Copy all the records word for word, apart from any pictures.

## Working data:
* * * * * * * * *
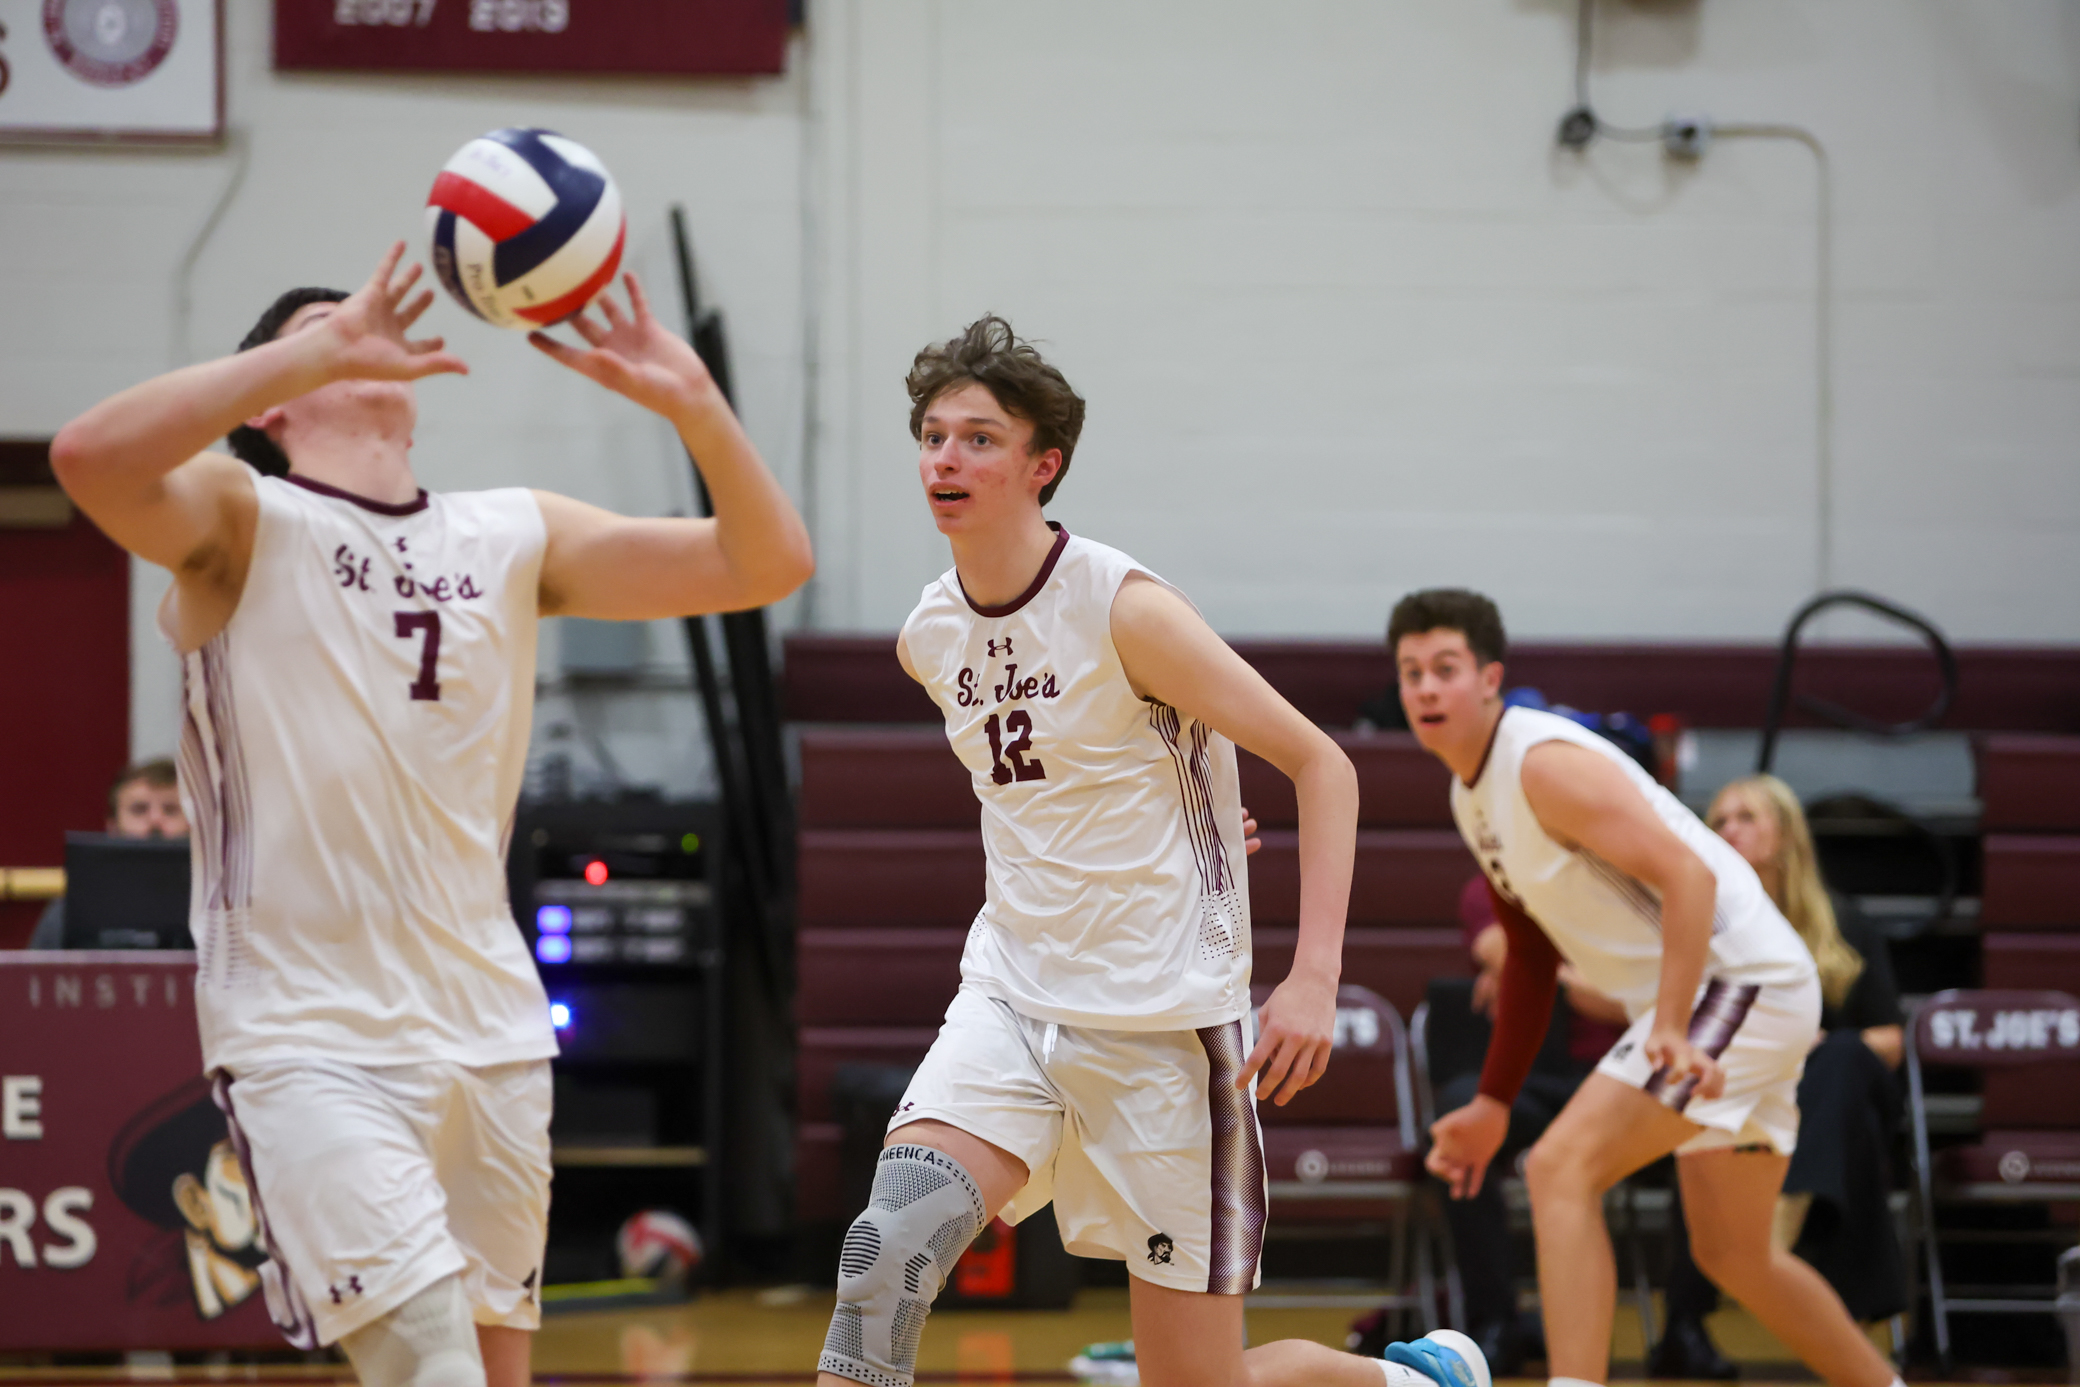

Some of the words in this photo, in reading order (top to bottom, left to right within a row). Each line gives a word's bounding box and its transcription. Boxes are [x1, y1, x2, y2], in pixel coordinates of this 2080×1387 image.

[394, 610, 441, 701] 7
[994, 663, 1060, 703] Joe's
[984, 709, 1047, 786] 12
[28, 973, 196, 1009] INSTI
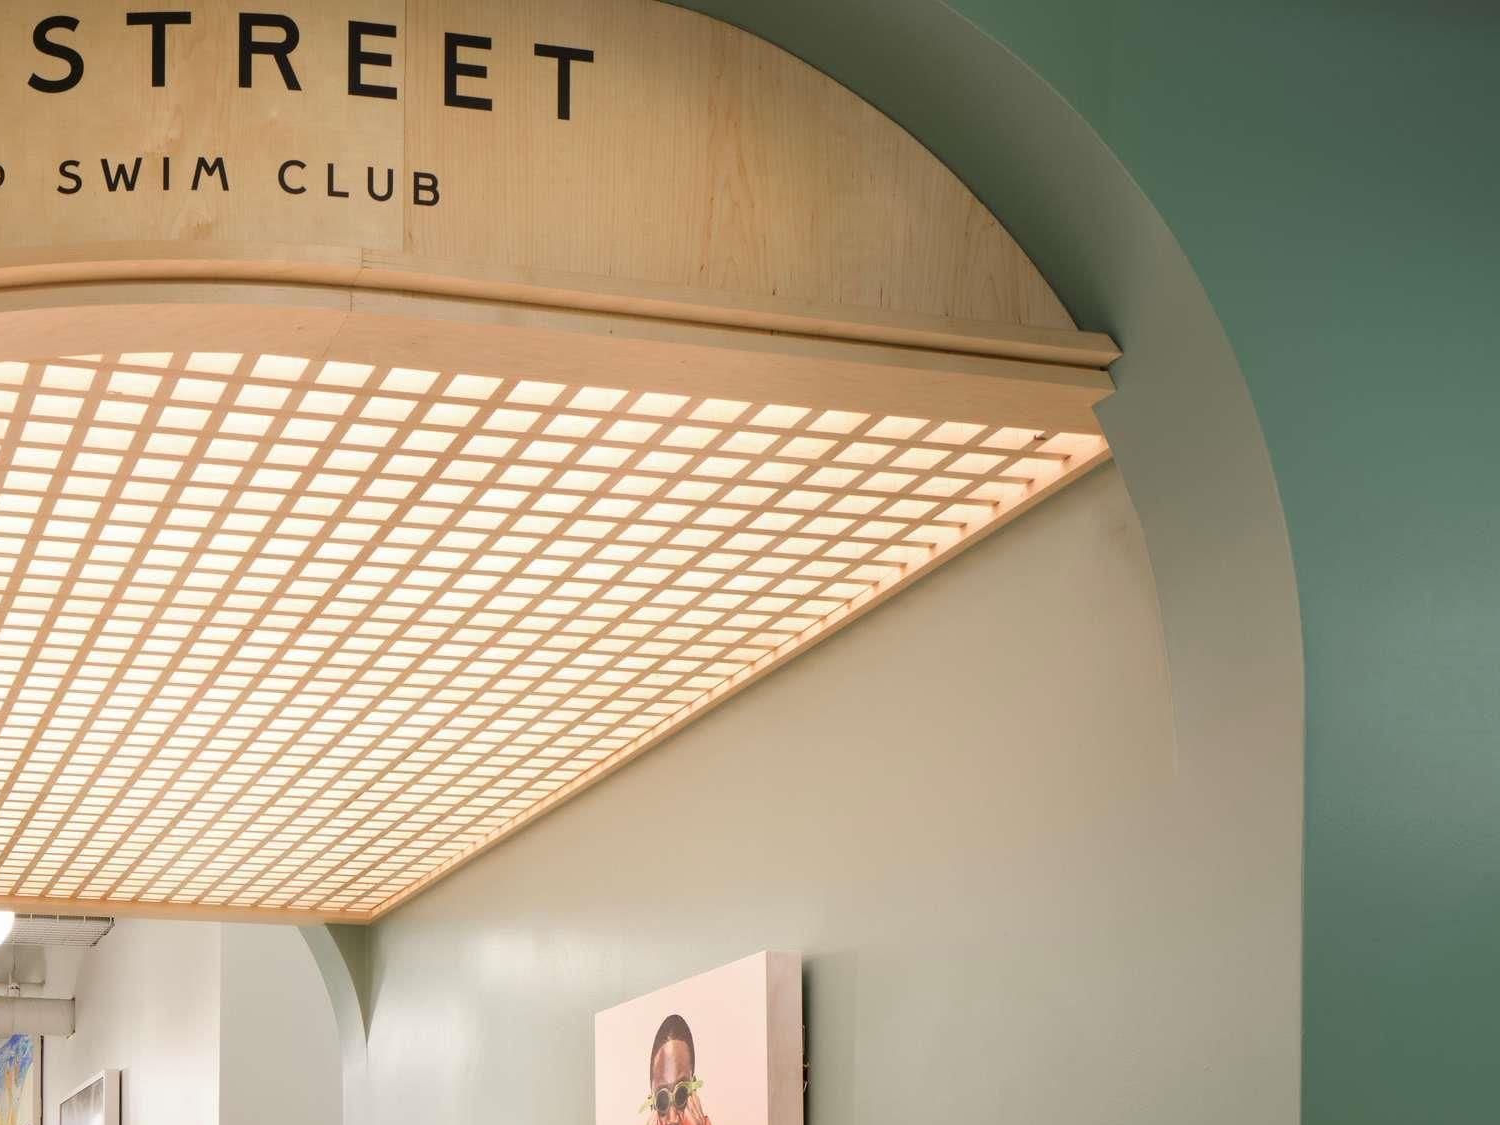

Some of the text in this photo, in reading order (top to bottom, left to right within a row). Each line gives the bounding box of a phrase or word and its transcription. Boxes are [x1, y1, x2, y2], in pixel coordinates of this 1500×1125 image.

[27, 10, 595, 121] STREET
[56, 156, 231, 196] SWIM
[277, 159, 441, 208] CLUB
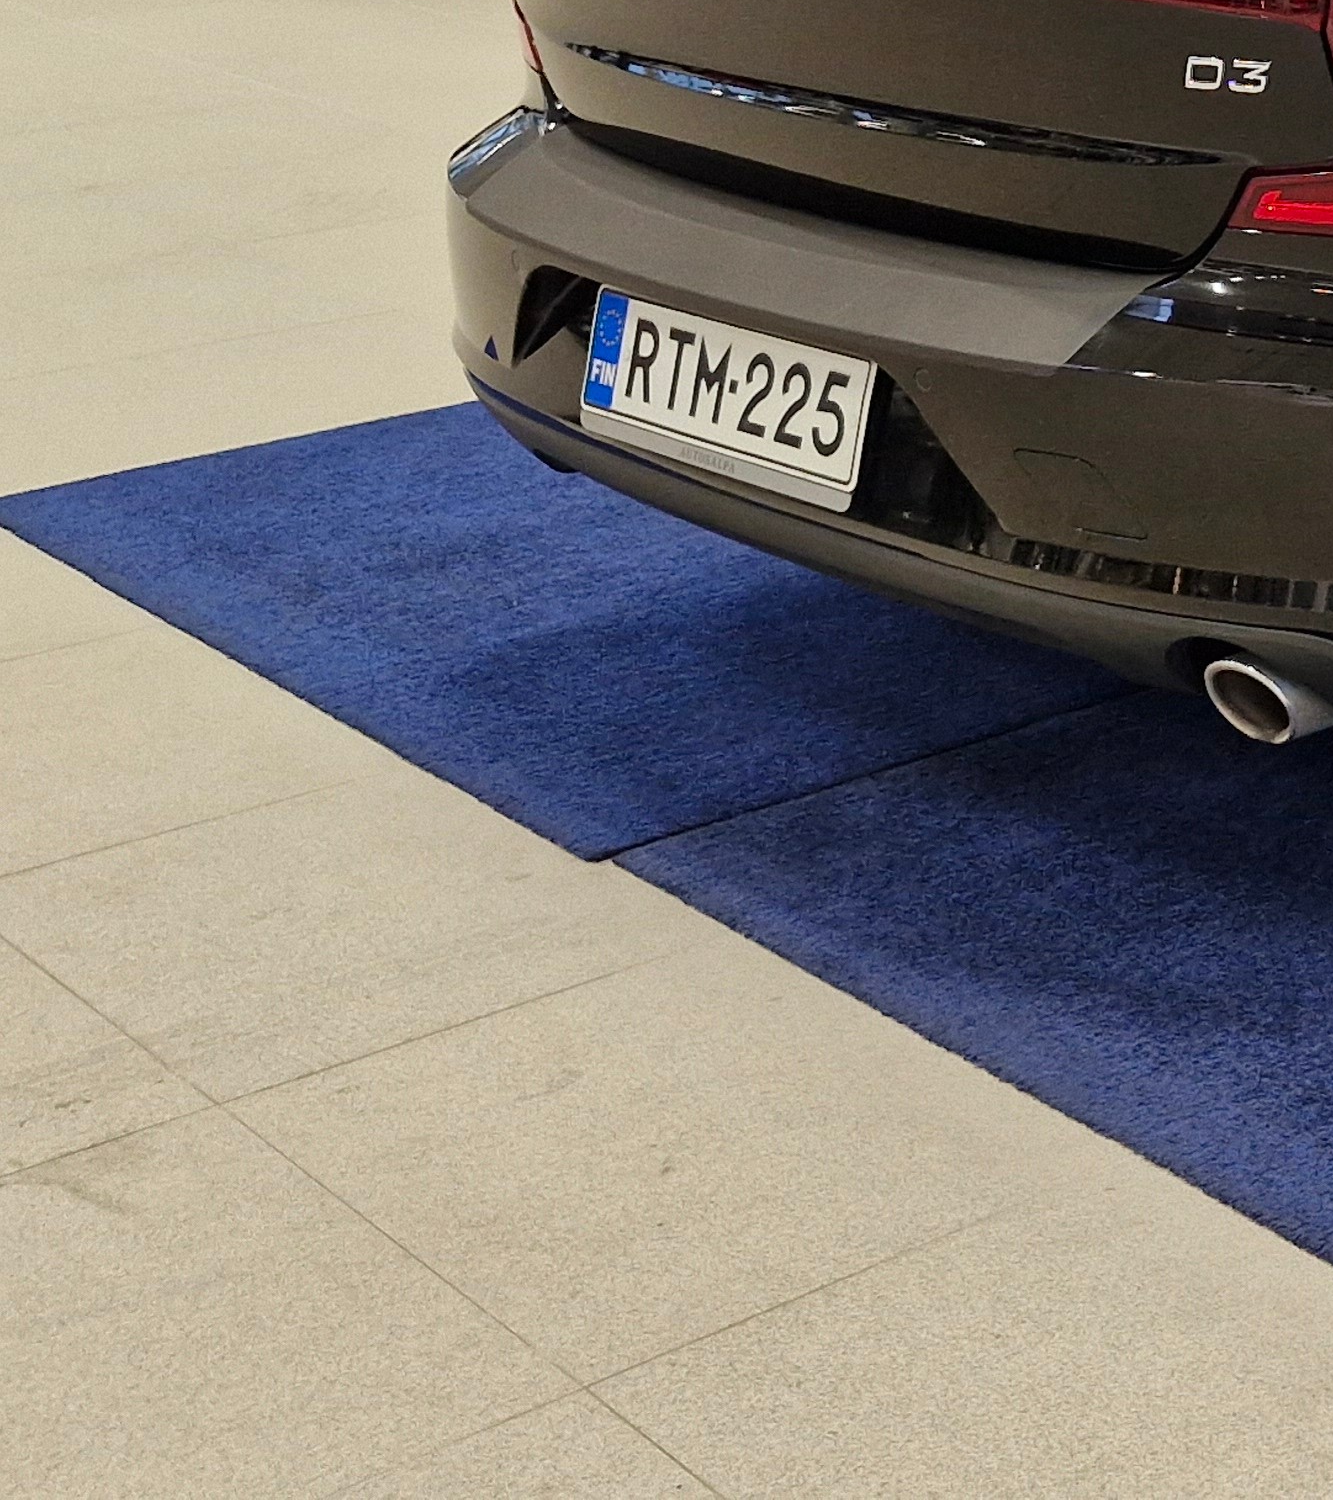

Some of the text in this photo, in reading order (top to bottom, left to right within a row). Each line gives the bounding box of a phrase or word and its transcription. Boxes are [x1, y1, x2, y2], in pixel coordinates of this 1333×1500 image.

[1184, 55, 1273, 94] D3
[591, 357, 617, 388] FIN
[625, 317, 851, 457] RTM-225
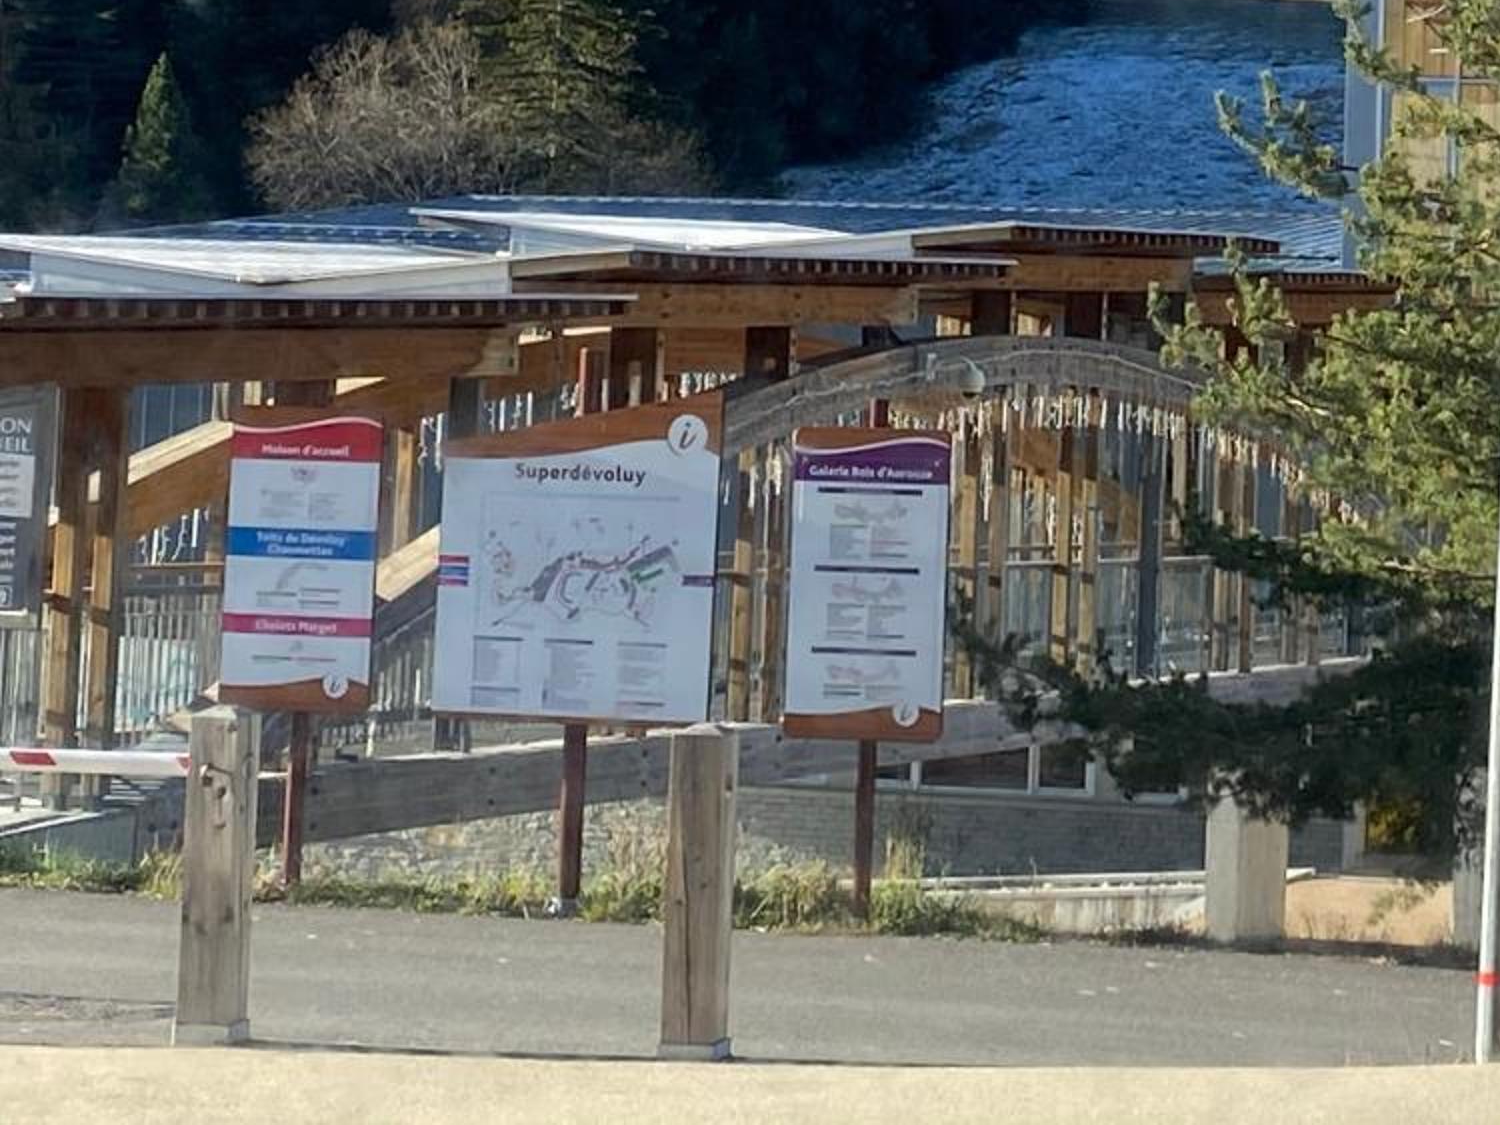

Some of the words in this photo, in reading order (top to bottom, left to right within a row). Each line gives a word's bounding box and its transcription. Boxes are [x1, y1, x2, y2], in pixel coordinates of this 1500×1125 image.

[261, 443, 299, 455] Maison
[301, 444, 350, 457] d'accueil
[515, 463, 646, 487] Superdévoluy
[809, 465, 849, 477] Galerie
[852, 466, 875, 478] Bois
* * * * * * * * *
## Output of the task:
Some of the words in this photo, in reading order (top to bottom, left to right within a row). Each line gives a word's bounding box and its transcription. Boxes are [x1, y1, x2, y2], in pixel coordinates of this 2080×1387 image.

[394, 610, 441, 701] 7
[994, 663, 1060, 703] Joe's
[984, 709, 1047, 786] 12
[28, 973, 196, 1009] INSTI

Some of the text in this photo, in reading order (top to bottom, left to right within a row). Each line gives the bounding box of a phrase or word and its transcription. Boxes are [x1, y1, x2, y2], in pixel coordinates of this 1500×1125 image.

[27, 10, 595, 121] STREET
[56, 156, 231, 196] SWIM
[277, 159, 441, 208] CLUB

Some of the text in this photo, in reading order (top to bottom, left to right within a row). Each line gives the bounding box of a phrase or word and its transcription. Boxes are [x1, y1, x2, y2], in pixel coordinates of this 1333×1500 image.

[1184, 55, 1273, 94] D3
[591, 357, 617, 388] FIN
[625, 317, 851, 457] RTM-225

Some of the words in this photo, in reading order (top to bottom, left to right within a row). Each line gives a word's bounding box and its transcription. Boxes are [x1, y1, x2, y2], in pixel coordinates of this 1500×1125 image.

[261, 443, 299, 455] Maison
[301, 444, 350, 457] d'accueil
[515, 463, 646, 487] Superdévoluy
[809, 465, 849, 477] Galerie
[852, 466, 875, 478] Bois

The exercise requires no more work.